The CUSP model provides a knowledge base about the science of safety so frontline staff can recognize safety hazards in the workplace and design interventions to eliminate these hazards. Moreover, it emphasizes the importance of effective teams, trains staff to use a practical tool to investigate and learn from defects, and offers tools to improve teamwork and communication both within and between patient care areas. Implemented initially in two surgical intensive care units at The Johns Hopkins Hospital in 2001, the program produced a significant reduction in ICU length of stay and medication errors as well as a potential improvement in nurse turnover.33,36,37
While CUSP provides a platform for individual staff to share experiences with everyone in the unit and empowers the group to solve local problems in care delivery, embedding these interventions in the daily work routine can also enforce positive changes in the unit’s safety culture.
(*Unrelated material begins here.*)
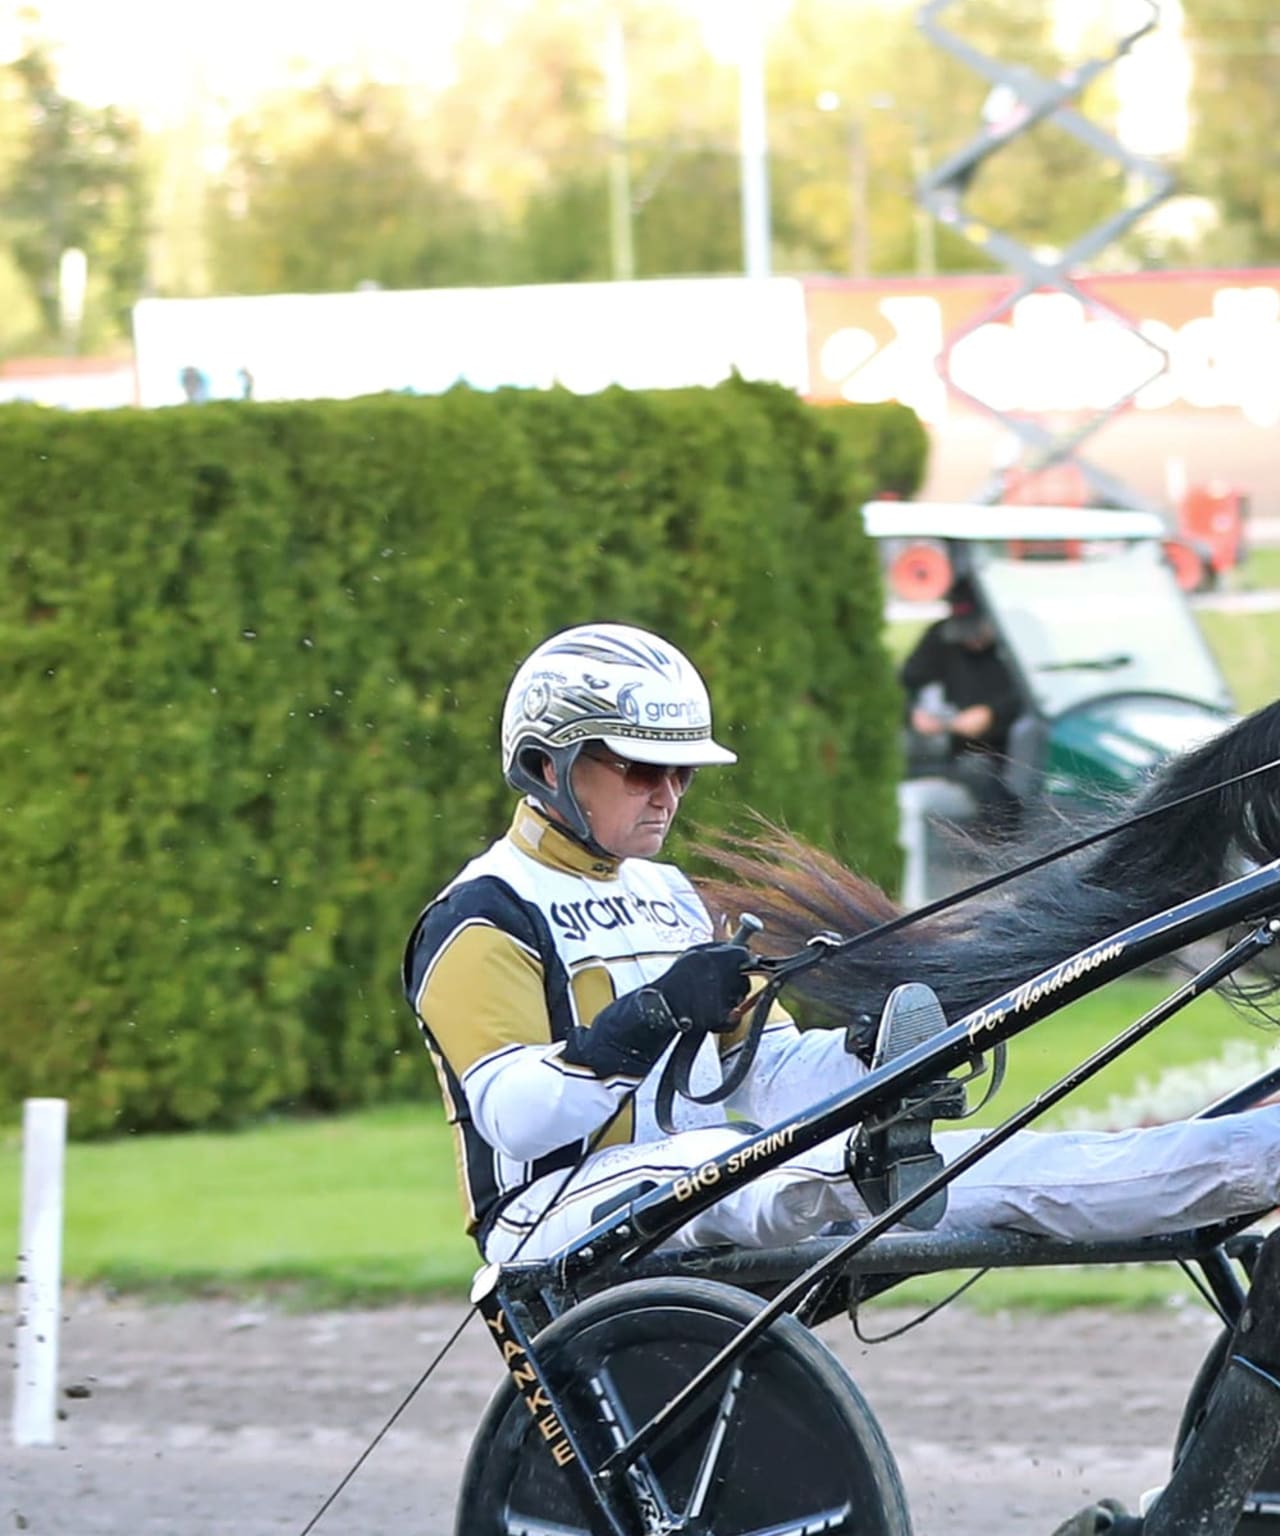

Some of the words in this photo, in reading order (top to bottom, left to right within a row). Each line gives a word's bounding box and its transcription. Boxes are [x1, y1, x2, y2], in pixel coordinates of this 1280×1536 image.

[966, 1008, 1006, 1045] Per
[727, 1123, 801, 1174] SPRINT
[488, 1310, 576, 1467] YANKEE
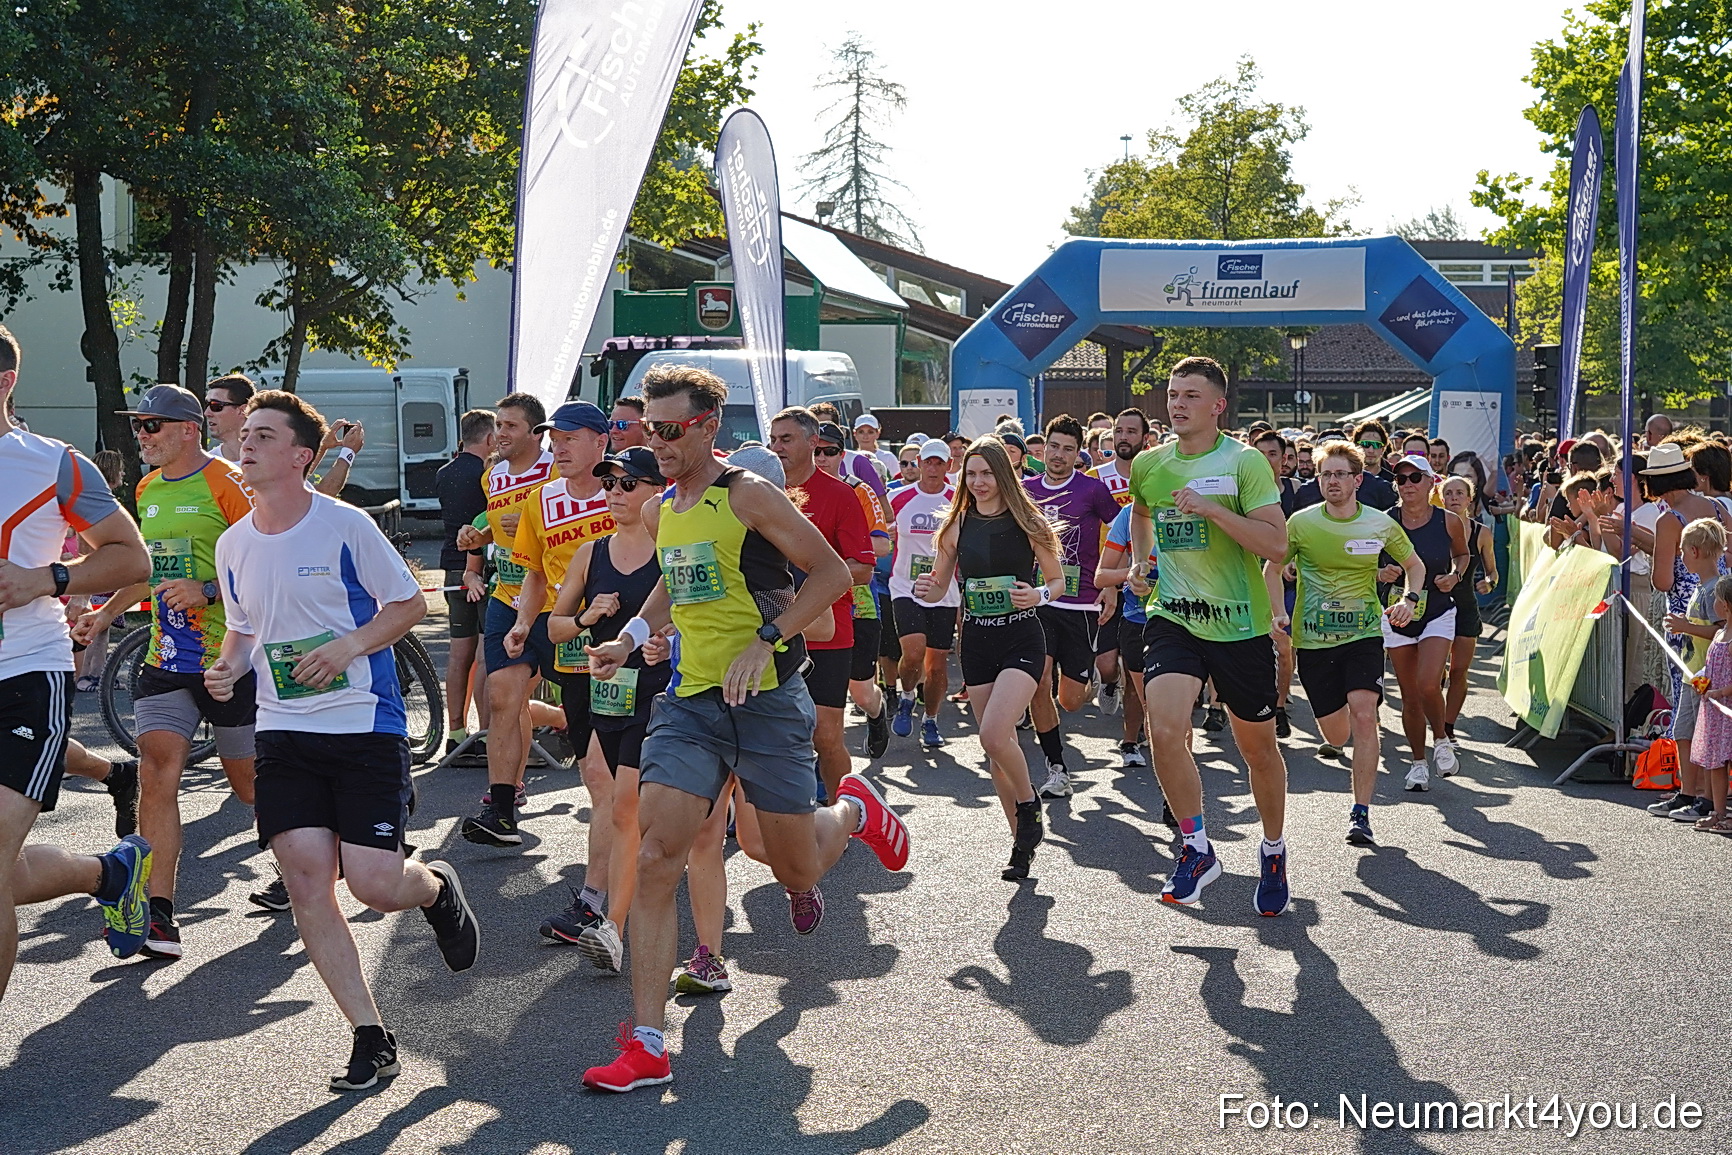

For example, creating interdisciplinary rounds in the unit offers a platform for nurses to voice concerns, seek clarification about a patient’s management, and gain autonomy as the bedside caregiver. Interdisciplinary rounds lessen the hierarchy that usually occurs between physicians and nurses, a hierarchy that causes ineffective collaboration among clinical disciplines and prevents individuals from acting upon safety concerns. Implementation of a daily goals sheet (Fig. 5-2) can also help improve communication and collaboration among nurses and physicians for individual patients, plus leads to more effective coordination of daily care plans and efficient movements of patients to discharge.38
Learning from defects: Retrospective identification of medical errors and in-depth analysis of contributing factors provides an opportunity to learn from, rather than just recover from harm. Knowledge is a better defense against the recurrence of the same or a similar harm and is essential to promoting a culture of safety. The Institute of Medicine has targeted incident reporting systems as a method to collect defect information, investigate the causes, and improve safety.1,39 To make incident data useful, health care organizations can learn from reported mistakes through formal (root cause analysis) or informal (case review) methods.